We conduct experiments on a publicly available ADNI database. The proposed BPGAN is evaluated by mean absolute error (MAE), peak-signal-to-noise-ratio (PSNR) and SSIM, superior to other compared models in these quantitative evaluation metrics. Qualitative evaluations also validate the effectiveness of our approach. Additionally, combined with MRI and our synthetic PET scans, the accuracies of multi-class AD diagnosis on dataset-A and dataset-B are 85.00% and 56.47%, which have been improved by about 1% and 1%, respectively, compared to the stand-alone MRI.
The experimental results of quantitative measures, qualitative displays, and classification evaluation demonstrate that the synthetic PET images by BPGAN are reasonable and high-quality, which provide complementary information to improve the performance of AD diagnosis. This work provides a valuable reference for multi-modal medical image analysis.
磁共振成像(MRI)和正电子发射断层扫描(PET)等多模态医学图像可提供各种信息,已广泛应用于阿尔茨海默病(AD)等脑部疾病的诊断。与 MRI 相比,PET 扫描可以更早地检测到器官和组织中的细胞变化。然而,由于成本、辐射或其他限制,PET 数据难以获取。此外,阿尔茨海默病神经影像学倡议(ADNI)数据集的许多受试者都缺少 PET 数据。为了解决这个问题,我们提出了一种 3D 端到端生成对抗网络(命名为 BPGAN),从 MRI 扫描中合成脑 PET,可作为多模态医学图像研究的潜在数据补全方案。
我们提出了 BPGAN,它学习了一个端到端的映射函数,将输入的 MRI 扫描转换为其潜在的 PET 扫描。首先,我们设计了一个 3D 多卷积 U-Net(MCU)生成器架构,以提高合成结果的视觉质量,同时保留不同受试者的不同大脑结构。
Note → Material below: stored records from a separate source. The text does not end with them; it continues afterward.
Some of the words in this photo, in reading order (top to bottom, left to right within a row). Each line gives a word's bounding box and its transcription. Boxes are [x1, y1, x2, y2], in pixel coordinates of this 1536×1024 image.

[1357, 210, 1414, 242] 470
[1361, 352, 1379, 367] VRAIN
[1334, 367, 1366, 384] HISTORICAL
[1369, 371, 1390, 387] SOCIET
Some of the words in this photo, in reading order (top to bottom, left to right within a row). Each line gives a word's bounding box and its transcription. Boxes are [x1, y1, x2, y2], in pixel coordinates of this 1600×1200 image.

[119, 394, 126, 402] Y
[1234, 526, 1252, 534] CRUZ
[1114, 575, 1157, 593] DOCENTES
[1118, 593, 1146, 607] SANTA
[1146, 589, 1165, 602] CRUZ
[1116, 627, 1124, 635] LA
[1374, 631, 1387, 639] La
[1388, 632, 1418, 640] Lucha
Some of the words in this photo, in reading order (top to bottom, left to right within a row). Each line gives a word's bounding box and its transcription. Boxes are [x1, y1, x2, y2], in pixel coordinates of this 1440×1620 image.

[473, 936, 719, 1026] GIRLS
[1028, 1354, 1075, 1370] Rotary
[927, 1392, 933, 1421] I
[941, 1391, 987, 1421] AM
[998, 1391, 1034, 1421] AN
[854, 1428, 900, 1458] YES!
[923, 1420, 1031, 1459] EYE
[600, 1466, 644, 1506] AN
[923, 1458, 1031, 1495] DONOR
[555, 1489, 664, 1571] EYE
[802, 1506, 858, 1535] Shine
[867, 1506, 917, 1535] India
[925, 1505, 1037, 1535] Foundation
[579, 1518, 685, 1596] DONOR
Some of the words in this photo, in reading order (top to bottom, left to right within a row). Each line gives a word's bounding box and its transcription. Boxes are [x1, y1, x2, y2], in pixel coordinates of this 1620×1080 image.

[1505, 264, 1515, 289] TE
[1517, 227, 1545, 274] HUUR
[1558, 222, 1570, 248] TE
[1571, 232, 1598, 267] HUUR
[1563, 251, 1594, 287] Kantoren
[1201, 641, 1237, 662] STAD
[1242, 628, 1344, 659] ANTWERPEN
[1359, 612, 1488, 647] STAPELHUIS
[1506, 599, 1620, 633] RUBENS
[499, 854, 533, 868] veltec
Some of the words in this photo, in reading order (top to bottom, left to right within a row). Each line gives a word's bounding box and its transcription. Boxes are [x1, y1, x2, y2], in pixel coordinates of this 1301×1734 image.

通过进一步采用 3D 梯度轮廓(GP)损失和结构相似性指数度量(SSIM)损失,合成的 PET 扫描与真实值具有更高的相似度。在这项研究中,我们探索了替代的数据分区方式,以研究它们在不同医疗场景下对所提出方法性能的影响。
我们在一个公开的 ADNI 数据库上进行了实验。所提出的 BPGAN 通过平均绝对误差(MAE)、峰值信噪比(PSNR)和 SSIM 进行评估,在这些定量评估指标上优于其他比较模型。定性评估也验证了我们方法的有效性。此外,结合 MRI 和我们的合成 PET 扫描,数据集-A 和数据集-B 的多类 AD 诊断准确率分别提高了约 1%和 1%,达到了 85.00%和 56.47%。
定量测量、定性显示和分类评估的实验结果表明,BPGAN 生成的合成 PET 图像合理且质量高,可为提高 AD 诊断性能提供补充信息。这项工作为多模态医学图像分析提供了有价值的参考。